Ambassador, you're a former diplomat as well as a former official of the Defense Department.
Why doesn't Secretary of State Blinken speak to Russian Foreign Minister Lavrov?
Why don't American diplomats engage with Iranian diplomats?
Well, I have to say that Antony Blinken has established a record as the most inept
Secretary of State in our recent history. He's not offensive in the manner that Pompeo was, but I have yet to discover a single
achievement of him. He has a valedictory article in Foreign Affairs, which I confess I have yet to
read, so perhaps he will identify a few things that he has accomplished. But this is part of a pattern. We don't talk. He was trained as a congressional
staffer. He was a very good domestic spin doctor for Senator Biden. He was put in the position of
Secretary of State. He has no significant diplomatic experience. He's no evidence that he actually understands that diplomacy involves
establishment of personal rapport with people that you disagree with
and reasoning with them to persuade them that they should see the world
as you do and that their interests coincide with yours.

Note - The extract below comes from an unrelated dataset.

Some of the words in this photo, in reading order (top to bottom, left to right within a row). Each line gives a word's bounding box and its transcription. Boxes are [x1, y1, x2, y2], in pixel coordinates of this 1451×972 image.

So he doesn't talk to Moscow.
He has not done that for his entire term. He does not talk to the Chinese, or he does so very seldom. And basically, he lectures rather
than listens. He doesn't talk to Iran. We've done nothing about North Korea under his leadership,
despite the fact that they now constitute
an increasingly formidable nuclear threat to the United States. And so, you know, your question
is essentially answers itself. He's had no habit of talking to anybody, still less the Russians.
Ambassador Freeman, thank you very much.
Thank you for your time.
Thank you for your analysis.
These are unpleasant subjects that we discuss, but you clarify them.

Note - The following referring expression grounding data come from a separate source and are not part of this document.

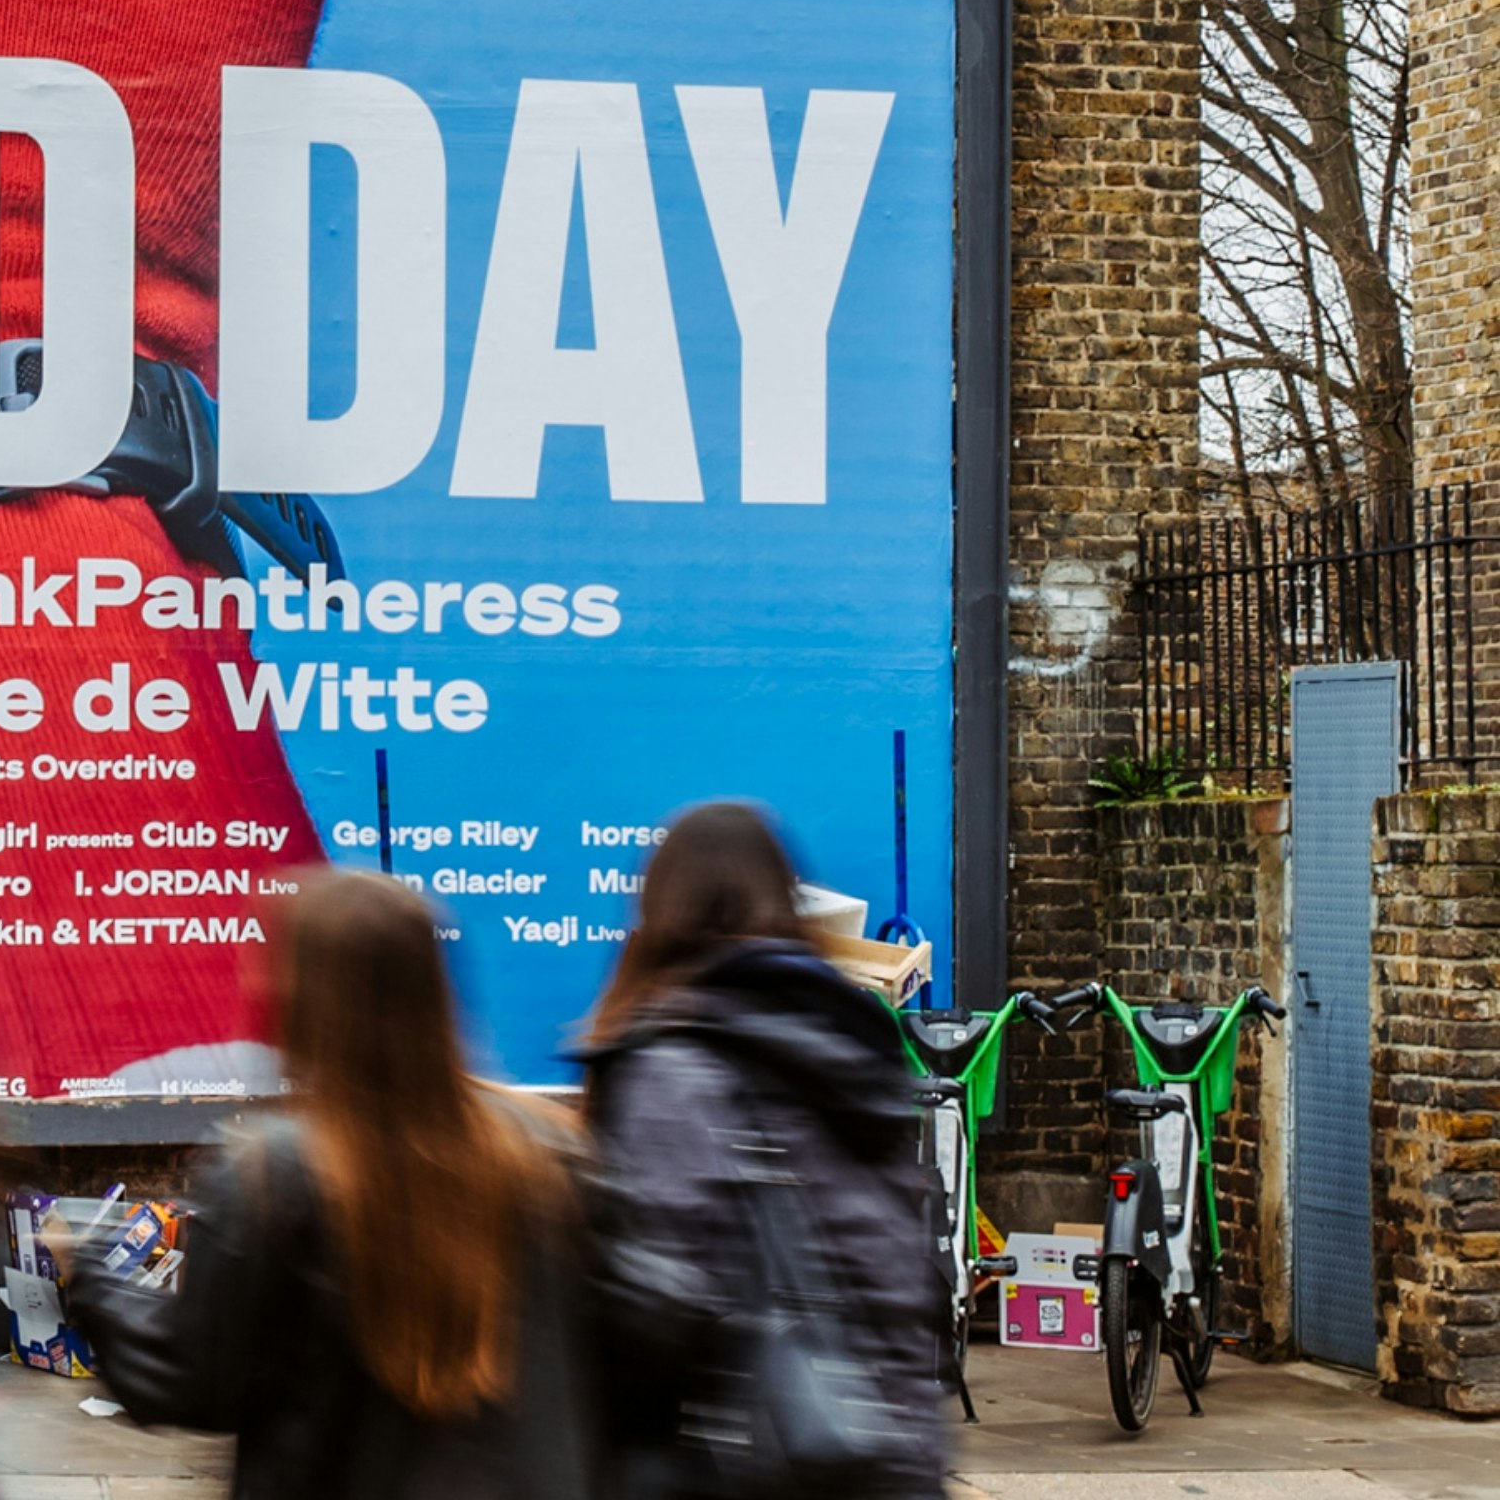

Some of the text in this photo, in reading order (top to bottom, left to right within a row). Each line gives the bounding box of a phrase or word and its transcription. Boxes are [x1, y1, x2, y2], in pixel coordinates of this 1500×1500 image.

[217, 64, 896, 505] DAY
[72, 661, 191, 733] de
[217, 660, 489, 733] Witte
[31, 753, 197, 782] Overdrive
[45, 832, 135, 851] presents
[141, 820, 218, 848] Club
[224, 820, 290, 852] Shy
[460, 820, 540, 852] Riley
[100, 869, 250, 897] JORDAN
[258, 878, 299, 896] Live
[432, 867, 547, 895] Glacier
[51, 918, 81, 945] &
[88, 917, 267, 945] KETTAMA
[503, 915, 579, 947] Yaeji
[585, 925, 627, 942] Live

And I know the audience and I know I are deeply appreciative.
Thank you, my dear friend.
I hope you can come back and visit with us again next week.
Be happy to do that.
Thank you.
You as well, Ambassador.
Coming up at 1 o'clock this afternoon,
Max Blumenthal.
At 2 o'clock this afternoon,
Colonel Lawrence Wilkerson.
At 3 o'clock this afternoon,
Professor John Mearsheimer,
Judge Napolitano for Judging Freedom. Thanks for watching!